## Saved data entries
___

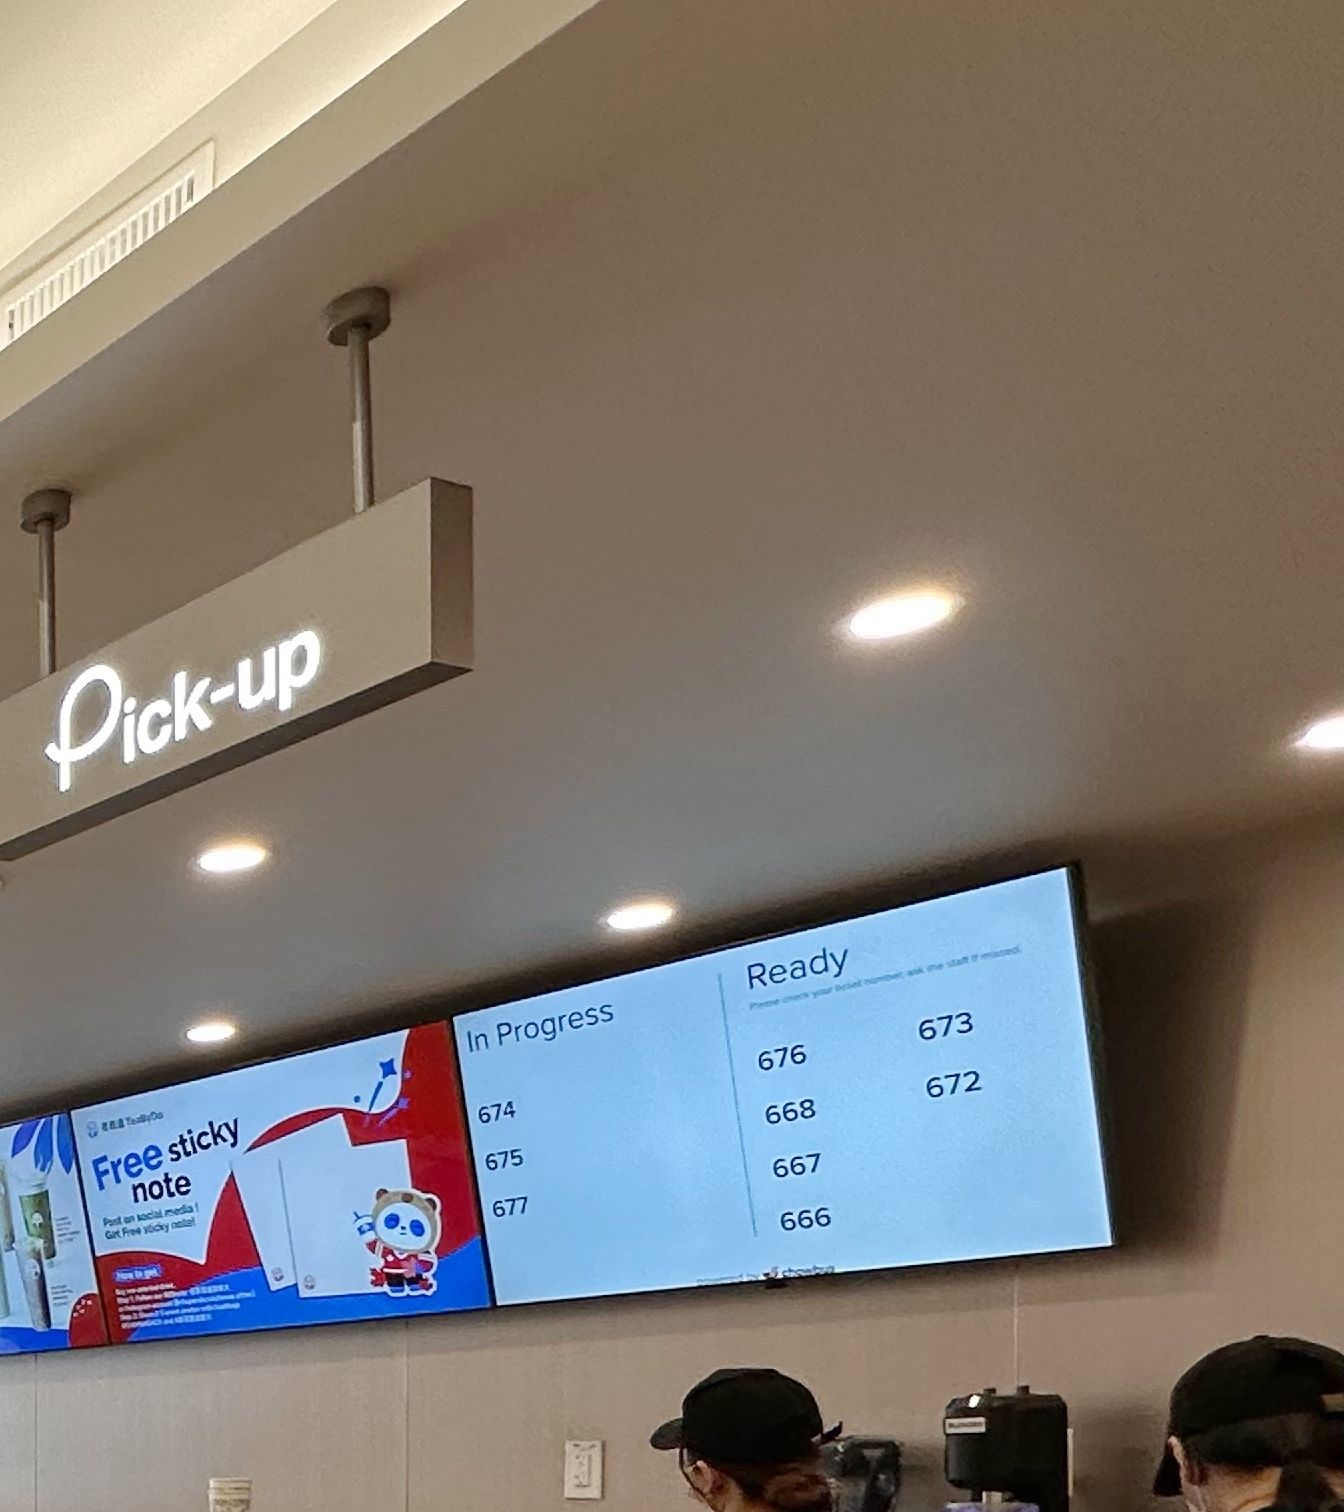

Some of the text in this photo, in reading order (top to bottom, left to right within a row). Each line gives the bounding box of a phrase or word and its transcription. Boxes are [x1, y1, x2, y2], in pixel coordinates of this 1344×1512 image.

[43, 629, 322, 793] Pick-up
[746, 947, 849, 989] Ready
[467, 1004, 615, 1053] In Progress
[918, 1013, 974, 1042] 673
[758, 1044, 807, 1072] 676
[926, 1070, 982, 1099] 672
[477, 1101, 517, 1125] 674
[764, 1099, 817, 1126] 668
[92, 1118, 239, 1191] Free sticky
[485, 1149, 524, 1172] 675
[772, 1153, 822, 1179] 667
[132, 1172, 192, 1203] note
[492, 1197, 529, 1219] 677
[780, 1207, 832, 1232] 666

___

## Aim of the task
Give the entries above again, exactly as written and free of images.

## Result
Some of the text in this photo, in reading order (top to bottom, left to right within a row). Each line gives the bounding box of a phrase or word and its transcription. Boxes are [x1, y1, x2, y2], in pixel coordinates of this 1344×1512 image.

[43, 629, 322, 793] Pick-up
[746, 947, 849, 989] Ready
[467, 1004, 615, 1053] In Progress
[918, 1013, 974, 1042] 673
[758, 1044, 807, 1072] 676
[926, 1070, 982, 1099] 672
[477, 1101, 517, 1125] 674
[764, 1099, 817, 1126] 668
[92, 1118, 239, 1191] Free sticky
[485, 1149, 524, 1172] 675
[772, 1153, 822, 1179] 667
[132, 1172, 192, 1203] note
[492, 1197, 529, 1219] 677
[780, 1207, 832, 1232] 666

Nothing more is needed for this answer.